EXERCISE GOAL
Print the whole listing, keeping every line exactly as given.

RECORDS TO PROCESS

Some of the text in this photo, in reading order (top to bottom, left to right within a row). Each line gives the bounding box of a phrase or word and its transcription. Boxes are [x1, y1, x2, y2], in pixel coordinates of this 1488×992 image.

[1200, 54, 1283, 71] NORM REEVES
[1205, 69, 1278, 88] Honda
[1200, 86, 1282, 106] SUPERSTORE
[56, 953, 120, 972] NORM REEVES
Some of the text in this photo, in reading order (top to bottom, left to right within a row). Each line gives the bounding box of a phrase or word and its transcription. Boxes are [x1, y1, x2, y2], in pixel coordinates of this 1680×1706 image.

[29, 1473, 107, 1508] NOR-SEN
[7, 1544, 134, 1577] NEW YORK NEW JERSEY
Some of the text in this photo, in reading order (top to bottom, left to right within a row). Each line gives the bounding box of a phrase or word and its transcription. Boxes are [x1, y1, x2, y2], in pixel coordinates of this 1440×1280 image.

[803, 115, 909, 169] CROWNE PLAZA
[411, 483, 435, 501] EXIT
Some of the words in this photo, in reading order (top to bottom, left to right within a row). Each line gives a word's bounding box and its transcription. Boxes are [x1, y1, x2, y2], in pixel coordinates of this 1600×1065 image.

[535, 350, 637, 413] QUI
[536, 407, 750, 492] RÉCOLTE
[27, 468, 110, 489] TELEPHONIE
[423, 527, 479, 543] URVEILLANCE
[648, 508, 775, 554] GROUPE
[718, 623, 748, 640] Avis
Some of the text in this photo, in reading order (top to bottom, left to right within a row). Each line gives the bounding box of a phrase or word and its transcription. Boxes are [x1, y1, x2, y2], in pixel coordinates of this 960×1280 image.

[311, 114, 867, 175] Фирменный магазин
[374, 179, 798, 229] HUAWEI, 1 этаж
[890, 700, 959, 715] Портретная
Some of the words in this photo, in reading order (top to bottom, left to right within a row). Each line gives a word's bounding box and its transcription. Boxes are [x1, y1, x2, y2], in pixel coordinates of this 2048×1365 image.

RESPONSE FOR THIS EXERCISE
Some of the text in this photo, in reading order (top to bottom, left to right within a row). Each line gives the bounding box of a phrase or word and its transcription. Boxes are [x1, y1, x2, y2], in pixel coordinates of this 1488×992 image.

[1200, 54, 1283, 71] NORM REEVES
[1205, 69, 1278, 88] Honda
[1200, 86, 1282, 106] SUPERSTORE
[56, 953, 120, 972] NORM REEVES
Some of the text in this photo, in reading order (top to bottom, left to right within a row). Each line gives the bounding box of a phrase or word and its transcription. Boxes are [x1, y1, x2, y2], in pixel coordinates of this 1680×1706 image.

[29, 1473, 107, 1508] NOR-SEN
[7, 1544, 134, 1577] NEW YORK NEW JERSEY
Some of the text in this photo, in reading order (top to bottom, left to right within a row). Each line gives the bounding box of a phrase or word and its transcription. Boxes are [x1, y1, x2, y2], in pixel coordinates of this 1440×1280 image.

[803, 115, 909, 169] CROWNE PLAZA
[411, 483, 435, 501] EXIT
Some of the words in this photo, in reading order (top to bottom, left to right within a row). Each line gives a word's bounding box and its transcription. Boxes are [x1, y1, x2, y2], in pixel coordinates of this 1600×1065 image.

[535, 350, 637, 413] QUI
[536, 407, 750, 492] RÉCOLTE
[27, 468, 110, 489] TELEPHONIE
[423, 527, 479, 543] URVEILLANCE
[648, 508, 775, 554] GROUPE
[718, 623, 748, 640] Avis
Some of the text in this photo, in reading order (top to bottom, left to right within a row). Each line gives the bounding box of a phrase or word and its transcription. Boxes are [x1, y1, x2, y2], in pixel coordinates of this 960×1280 image.

[311, 114, 867, 175] Фирменный магазин
[374, 179, 798, 229] HUAWEI, 1 этаж
[890, 700, 959, 715] Портретная
Some of the words in this photo, in reading order (top to bottom, left to right within a row). Each line gives a word's bounding box and its transcription. Boxes are [x1, y1, x2, y2], in pixel coordinates of this 2048×1365 image.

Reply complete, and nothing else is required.